校舎からのお知らせ 2019年01月の記事一覧

2019年 1月 20日  【センター試験一日目】政治・経済の解答速報・設問別分析・学習アドバイスです!!!

~設問別分析~

【第1問】地域経済統合
政治・経済の総合問題形式をとっていた。まず国内外の法規について、特別裁判所や条約の事例、外交に関する日本国憲法の規定などと、国際面では国連安全保障理事会の評決方法、国連海洋法条約、経済面ではGNP・GDPの定義、BRICSのGDPの推移、市場変化と需要供給曲線の動きなどと幅広く多岐にわたる設問であった。

【第2問】冷戦後の国際社会
冷戦終結後の世界情勢は、無秩序な混乱状態が激しくなっている。冷戦崩壊時のヨーロッパ情勢、世界に広がる内戦、安全保障機構としてのNATOの変化、各国の国家体制と政治体制、と最近30年間の歴史問題など。経済面では、銀行の信用創造の計算問題、為替レートの変動と物価変動、労働市場における格差問題が扱われていた。
【第3問】基本的人権
日本の安全保障、人身の自由、日本の社会保障、新しい人権、旧憲法と新憲法の比較、国会の権限、日本の地方自治における執行権と立法権について政治の役割を扱っている。
【第4問】地球環境問題
経済思想、経済主体の機能、外部不経済の事例、一般会計予算の収支の推移、市場と環境の関係、比較生産費説、コンパクトシティとふるさと納税、環境保全についての国際条約などを扱っていた。

~学習アドバイス~

◆教科書の基礎内容を確実に身につけ図表・グラフに慣れておこう
センター試験対策で基本となるのは教科書の基礎知識が中心ですが、図表・グラフの読み取りなどの応用力と思考力を試す問題が出題されます。「政治・経済」は専門用語を理解していないと解答できない問題もあり、完全な用語の理解と把握が要求されることがあります。しかも、周辺の知識との連関と位置づけを掴まないと判断できない時もあります。政治分野では、制度・仕組みと諸法規を理解し、とくに日本国憲法に関する判例は頻出項目なため十分な理解が必要です。絶えず条文を参照し熟読するように心がけましょう。
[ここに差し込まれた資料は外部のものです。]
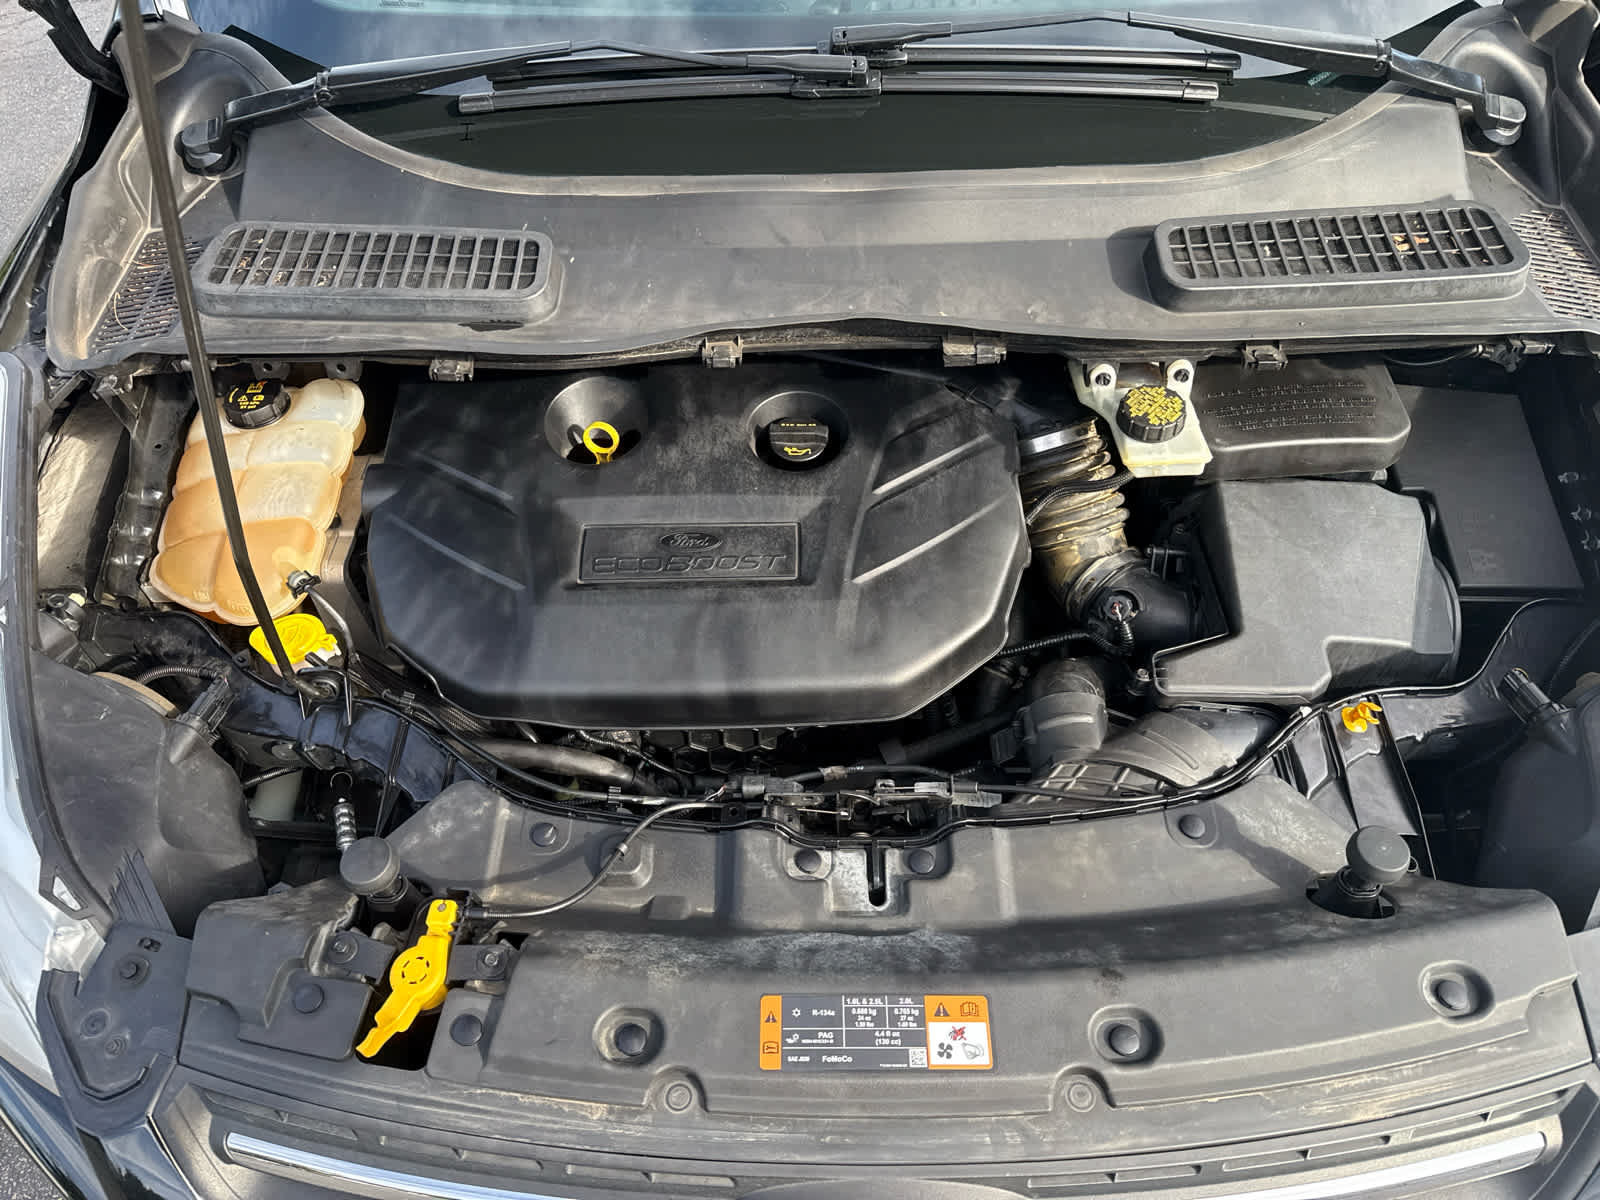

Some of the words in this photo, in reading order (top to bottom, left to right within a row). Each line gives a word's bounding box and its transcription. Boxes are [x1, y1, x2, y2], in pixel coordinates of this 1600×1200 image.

[811, 1008, 836, 1016] R-134a
[817, 1031, 834, 1039] PAG
[822, 1055, 853, 1063] FoMoCo
グローバル社会が進展し、離れた世界での出来事を理解するには、政治制度・経済組織・文化・宗教などを総合的に把握する必要があります。

◆大きな歴史的な流れと因果関係をつかむ
「政治・経済」は歴史科目ではありませんが、時間の流れに沿った問題が多く出題されます。主に戦後史を中心に政治的な動き、経済状況の変化など、大づかみな時間的前後や相互関係を問う形式で出題されており、年号を問う設問はほとんど見られません。現在の政治・経済現象は、過去(直近)の歴史的事実に密接につながっており、その延長線上に現在があることを意識しながら学習しましょう。
◆内外の時事問題に関心を持つように
「政治・経済」は、今まさに国内外で起きている時事ニュースと直結した科目です。ニュースに遭遇し、教科書のどこの事項に関連しているのか好奇心を持って学習しましょう。『現代社会の最新時事』で時事問題の動向や背景を押さえたり、『政経資料集』を活用するのもよい方法です。未知の語句に遭遇したら、すぐに教科書・用語集さらにインターネットで調べる習慣を付けましょう。そのことが生きた「政治・経済」の学習となり、さらに時事ニュースへの関心が強くなり、学習がさらに楽しく充実したものになります。
◆計画的で無駄のない学習を
まず教科書の全体を把握し次に脚注の細部まで読みこなしましょう。問題に遭遇した際、即、該当箇所を開けられるまでに繰り返してください。さらに用語知識を増やすため用語集を絶えずそばに置き、用語の理解を1つでも増やしましょう。情報のインプットとして『政経ハンドブック』(東進ブックス)を徹底して学習し、制度・しくみの定義はもちろん、その存在理由、問題点、対策をしっかり読み取ることが大切です。
その上で、アウトプットとして『政経 一問一答』(東進ブックス)でトレーニングを行うとよいでしょう。もちろん、過去問を解き、知識を定着させるとともに、センター試験の問い方の形式にも慣れてください。センター試験では限られた時間内で正確に解答する力が求められます。東進のセンター試験本番レベル模試は、年間のカリキュラムでセンター試験と同一レベル・同一形式の問題演習を繰り返します。積極的に受験して、自らの学習進度を測る物差しとして利用してください。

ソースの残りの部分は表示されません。